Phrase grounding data

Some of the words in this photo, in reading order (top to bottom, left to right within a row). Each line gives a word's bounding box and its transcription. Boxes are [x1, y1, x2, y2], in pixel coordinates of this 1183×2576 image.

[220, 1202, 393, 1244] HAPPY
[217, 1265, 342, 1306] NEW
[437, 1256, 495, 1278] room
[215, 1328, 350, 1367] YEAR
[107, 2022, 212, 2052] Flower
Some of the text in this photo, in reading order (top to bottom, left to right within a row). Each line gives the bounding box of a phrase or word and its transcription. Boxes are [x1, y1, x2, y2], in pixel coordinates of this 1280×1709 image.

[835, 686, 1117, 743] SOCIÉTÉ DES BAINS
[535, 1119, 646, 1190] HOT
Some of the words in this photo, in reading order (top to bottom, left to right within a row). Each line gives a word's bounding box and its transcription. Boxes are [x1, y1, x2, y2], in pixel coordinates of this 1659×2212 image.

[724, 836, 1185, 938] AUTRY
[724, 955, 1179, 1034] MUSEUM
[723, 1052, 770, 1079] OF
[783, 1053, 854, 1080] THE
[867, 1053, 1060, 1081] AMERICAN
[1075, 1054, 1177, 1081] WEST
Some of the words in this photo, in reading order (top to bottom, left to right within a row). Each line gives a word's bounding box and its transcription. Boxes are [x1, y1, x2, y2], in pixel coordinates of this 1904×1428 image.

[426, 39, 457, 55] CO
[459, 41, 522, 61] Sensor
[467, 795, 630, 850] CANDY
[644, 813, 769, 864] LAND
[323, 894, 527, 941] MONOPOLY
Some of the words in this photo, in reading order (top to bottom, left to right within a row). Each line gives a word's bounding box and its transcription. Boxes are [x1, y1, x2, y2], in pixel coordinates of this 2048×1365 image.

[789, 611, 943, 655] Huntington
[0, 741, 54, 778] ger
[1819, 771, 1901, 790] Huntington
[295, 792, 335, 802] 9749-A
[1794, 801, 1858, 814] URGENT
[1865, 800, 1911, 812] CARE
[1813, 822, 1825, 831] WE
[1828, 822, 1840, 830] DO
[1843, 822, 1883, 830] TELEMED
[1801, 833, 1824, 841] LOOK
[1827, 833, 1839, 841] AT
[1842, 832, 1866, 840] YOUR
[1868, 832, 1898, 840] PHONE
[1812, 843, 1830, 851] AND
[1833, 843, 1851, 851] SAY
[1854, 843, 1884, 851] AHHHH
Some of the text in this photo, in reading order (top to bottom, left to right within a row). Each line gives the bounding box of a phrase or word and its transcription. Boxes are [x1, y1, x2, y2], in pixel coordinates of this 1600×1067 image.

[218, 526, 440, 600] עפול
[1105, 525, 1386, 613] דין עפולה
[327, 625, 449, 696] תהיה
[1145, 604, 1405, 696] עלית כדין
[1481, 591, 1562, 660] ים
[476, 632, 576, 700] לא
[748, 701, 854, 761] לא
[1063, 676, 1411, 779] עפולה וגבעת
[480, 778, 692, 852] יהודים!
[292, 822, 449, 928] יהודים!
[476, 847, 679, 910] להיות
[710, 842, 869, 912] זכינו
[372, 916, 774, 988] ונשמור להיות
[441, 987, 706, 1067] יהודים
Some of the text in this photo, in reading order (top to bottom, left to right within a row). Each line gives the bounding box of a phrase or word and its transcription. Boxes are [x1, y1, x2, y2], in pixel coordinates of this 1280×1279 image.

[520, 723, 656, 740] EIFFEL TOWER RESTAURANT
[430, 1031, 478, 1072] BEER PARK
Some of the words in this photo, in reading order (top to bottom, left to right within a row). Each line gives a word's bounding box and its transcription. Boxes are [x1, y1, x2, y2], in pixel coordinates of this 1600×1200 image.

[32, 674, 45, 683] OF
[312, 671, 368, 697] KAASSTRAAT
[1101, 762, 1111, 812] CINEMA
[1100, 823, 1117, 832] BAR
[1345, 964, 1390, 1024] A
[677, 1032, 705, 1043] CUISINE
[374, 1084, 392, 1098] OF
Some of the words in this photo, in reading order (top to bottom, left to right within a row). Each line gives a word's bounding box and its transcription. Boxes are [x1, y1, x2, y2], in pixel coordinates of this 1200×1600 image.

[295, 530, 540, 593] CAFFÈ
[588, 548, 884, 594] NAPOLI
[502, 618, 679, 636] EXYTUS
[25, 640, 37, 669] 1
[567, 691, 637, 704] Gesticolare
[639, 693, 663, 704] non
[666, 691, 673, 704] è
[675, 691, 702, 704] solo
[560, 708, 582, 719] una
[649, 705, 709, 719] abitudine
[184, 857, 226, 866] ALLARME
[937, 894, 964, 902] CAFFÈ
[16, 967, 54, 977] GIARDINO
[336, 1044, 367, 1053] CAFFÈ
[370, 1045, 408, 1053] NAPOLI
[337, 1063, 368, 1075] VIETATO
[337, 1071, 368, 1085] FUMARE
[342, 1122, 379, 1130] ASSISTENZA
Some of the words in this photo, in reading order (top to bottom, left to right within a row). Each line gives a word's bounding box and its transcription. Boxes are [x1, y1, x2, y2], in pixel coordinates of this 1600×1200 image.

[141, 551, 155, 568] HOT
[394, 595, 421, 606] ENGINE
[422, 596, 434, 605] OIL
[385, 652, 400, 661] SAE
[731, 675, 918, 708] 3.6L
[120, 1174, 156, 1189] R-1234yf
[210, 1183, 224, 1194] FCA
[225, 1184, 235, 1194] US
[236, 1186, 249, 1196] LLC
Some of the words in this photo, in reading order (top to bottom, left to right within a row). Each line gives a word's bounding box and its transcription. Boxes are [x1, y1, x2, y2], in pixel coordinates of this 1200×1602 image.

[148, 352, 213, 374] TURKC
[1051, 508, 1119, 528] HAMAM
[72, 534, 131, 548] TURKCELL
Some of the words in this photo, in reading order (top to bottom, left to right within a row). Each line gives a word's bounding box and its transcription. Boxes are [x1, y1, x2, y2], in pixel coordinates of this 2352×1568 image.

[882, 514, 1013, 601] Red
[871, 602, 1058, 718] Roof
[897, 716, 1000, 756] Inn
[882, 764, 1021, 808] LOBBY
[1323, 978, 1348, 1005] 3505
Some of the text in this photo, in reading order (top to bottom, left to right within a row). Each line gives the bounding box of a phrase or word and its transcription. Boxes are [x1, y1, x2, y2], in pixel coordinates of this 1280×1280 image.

**Task to carry out:** Each line in the records above must be returned exactly as it stands.

**Solution:**
Some of the words in this photo, in reading order (top to bottom, left to right within a row). Each line gives a word's bounding box and its transcription. Boxes are [x1, y1, x2, y2], in pixel coordinates of this 1183×2576 image.

[220, 1202, 393, 1244] HAPPY
[217, 1265, 342, 1306] NEW
[437, 1256, 495, 1278] room
[215, 1328, 350, 1367] YEAR
[107, 2022, 212, 2052] Flower
Some of the text in this photo, in reading order (top to bottom, left to right within a row). Each line gives the bounding box of a phrase or word and its transcription. Boxes are [x1, y1, x2, y2], in pixel coordinates of this 1280×1709 image.

[835, 686, 1117, 743] SOCIÉTÉ DES BAINS
[535, 1119, 646, 1190] HOT
Some of the words in this photo, in reading order (top to bottom, left to right within a row). Each line gives a word's bounding box and its transcription. Boxes are [x1, y1, x2, y2], in pixel coordinates of this 1659×2212 image.

[724, 836, 1185, 938] AUTRY
[724, 955, 1179, 1034] MUSEUM
[723, 1052, 770, 1079] OF
[783, 1053, 854, 1080] THE
[867, 1053, 1060, 1081] AMERICAN
[1075, 1054, 1177, 1081] WEST
Some of the words in this photo, in reading order (top to bottom, left to right within a row). Each line gives a word's bounding box and its transcription. Boxes are [x1, y1, x2, y2], in pixel coordinates of this 1904×1428 image.

[426, 39, 457, 55] CO
[459, 41, 522, 61] Sensor
[467, 795, 630, 850] CANDY
[644, 813, 769, 864] LAND
[323, 894, 527, 941] MONOPOLY
Some of the words in this photo, in reading order (top to bottom, left to right within a row). Each line gives a word's bounding box and its transcription. Boxes are [x1, y1, x2, y2], in pixel coordinates of this 2048×1365 image.

[789, 611, 943, 655] Huntington
[0, 741, 54, 778] ger
[1819, 771, 1901, 790] Huntington
[295, 792, 335, 802] 9749-A
[1794, 801, 1858, 814] URGENT
[1865, 800, 1911, 812] CARE
[1813, 822, 1825, 831] WE
[1828, 822, 1840, 830] DO
[1843, 822, 1883, 830] TELEMED
[1801, 833, 1824, 841] LOOK
[1827, 833, 1839, 841] AT
[1842, 832, 1866, 840] YOUR
[1868, 832, 1898, 840] PHONE
[1812, 843, 1830, 851] AND
[1833, 843, 1851, 851] SAY
[1854, 843, 1884, 851] AHHHH
Some of the text in this photo, in reading order (top to bottom, left to right within a row). Each line gives the bounding box of a phrase or word and its transcription. Boxes are [x1, y1, x2, y2], in pixel coordinates of this 1600×1067 image.

[218, 526, 440, 600] עפול
[1105, 525, 1386, 613] דין עפולה
[327, 625, 449, 696] תהיה
[1145, 604, 1405, 696] עלית כדין
[1481, 591, 1562, 660] ים
[476, 632, 576, 700] לא
[748, 701, 854, 761] לא
[1063, 676, 1411, 779] עפולה וגבעת
[480, 778, 692, 852] יהודים!
[292, 822, 449, 928] יהודים!
[476, 847, 679, 910] להיות
[710, 842, 869, 912] זכינו
[372, 916, 774, 988] ונשמור להיות
[441, 987, 706, 1067] יהודים
Some of the text in this photo, in reading order (top to bottom, left to right within a row). Each line gives the bounding box of a phrase or word and its transcription. Boxes are [x1, y1, x2, y2], in pixel coordinates of this 1280×1279 image.

[520, 723, 656, 740] EIFFEL TOWER RESTAURANT
[430, 1031, 478, 1072] BEER PARK
Some of the words in this photo, in reading order (top to bottom, left to right within a row). Each line gives a word's bounding box and its transcription. Boxes are [x1, y1, x2, y2], in pixel coordinates of this 1600×1200 image.

[32, 674, 45, 683] OF
[312, 671, 368, 697] KAASSTRAAT
[1101, 762, 1111, 812] CINEMA
[1100, 823, 1117, 832] BAR
[1345, 964, 1390, 1024] A
[677, 1032, 705, 1043] CUISINE
[374, 1084, 392, 1098] OF
Some of the words in this photo, in reading order (top to bottom, left to right within a row). Each line gives a word's bounding box and its transcription. Boxes are [x1, y1, x2, y2], in pixel coordinates of this 1200×1600 image.

[295, 530, 540, 593] CAFFÈ
[588, 548, 884, 594] NAPOLI
[502, 618, 679, 636] EXYTUS
[25, 640, 37, 669] 1
[567, 691, 637, 704] Gesticolare
[639, 693, 663, 704] non
[666, 691, 673, 704] è
[675, 691, 702, 704] solo
[560, 708, 582, 719] una
[649, 705, 709, 719] abitudine
[184, 857, 226, 866] ALLARME
[937, 894, 964, 902] CAFFÈ
[16, 967, 54, 977] GIARDINO
[336, 1044, 367, 1053] CAFFÈ
[370, 1045, 408, 1053] NAPOLI
[337, 1063, 368, 1075] VIETATO
[337, 1071, 368, 1085] FUMARE
[342, 1122, 379, 1130] ASSISTENZA
Some of the words in this photo, in reading order (top to bottom, left to right within a row). Each line gives a word's bounding box and its transcription. Boxes are [x1, y1, x2, y2], in pixel coordinates of this 1600×1200 image.

[141, 551, 155, 568] HOT
[394, 595, 421, 606] ENGINE
[422, 596, 434, 605] OIL
[385, 652, 400, 661] SAE
[731, 675, 918, 708] 3.6L
[120, 1174, 156, 1189] R-1234yf
[210, 1183, 224, 1194] FCA
[225, 1184, 235, 1194] US
[236, 1186, 249, 1196] LLC
Some of the words in this photo, in reading order (top to bottom, left to right within a row). Each line gives a word's bounding box and its transcription. Boxes are [x1, y1, x2, y2], in pixel coordinates of this 1200×1602 image.

[148, 352, 213, 374] TURKC
[1051, 508, 1119, 528] HAMAM
[72, 534, 131, 548] TURKCELL
Some of the words in this photo, in reading order (top to bottom, left to right within a row). Each line gives a word's bounding box and its transcription. Boxes are [x1, y1, x2, y2], in pixel coordinates of this 2352×1568 image.

[882, 514, 1013, 601] Red
[871, 602, 1058, 718] Roof
[897, 716, 1000, 756] Inn
[882, 764, 1021, 808] LOBBY
[1323, 978, 1348, 1005] 3505
Some of the text in this photo, in reading order (top to bottom, left to right within a row). Each line gives the bounding box of a phrase or word and its transcription. Boxes are [x1, y1, x2, y2], in pixel coordinates of this 1280×1280 image.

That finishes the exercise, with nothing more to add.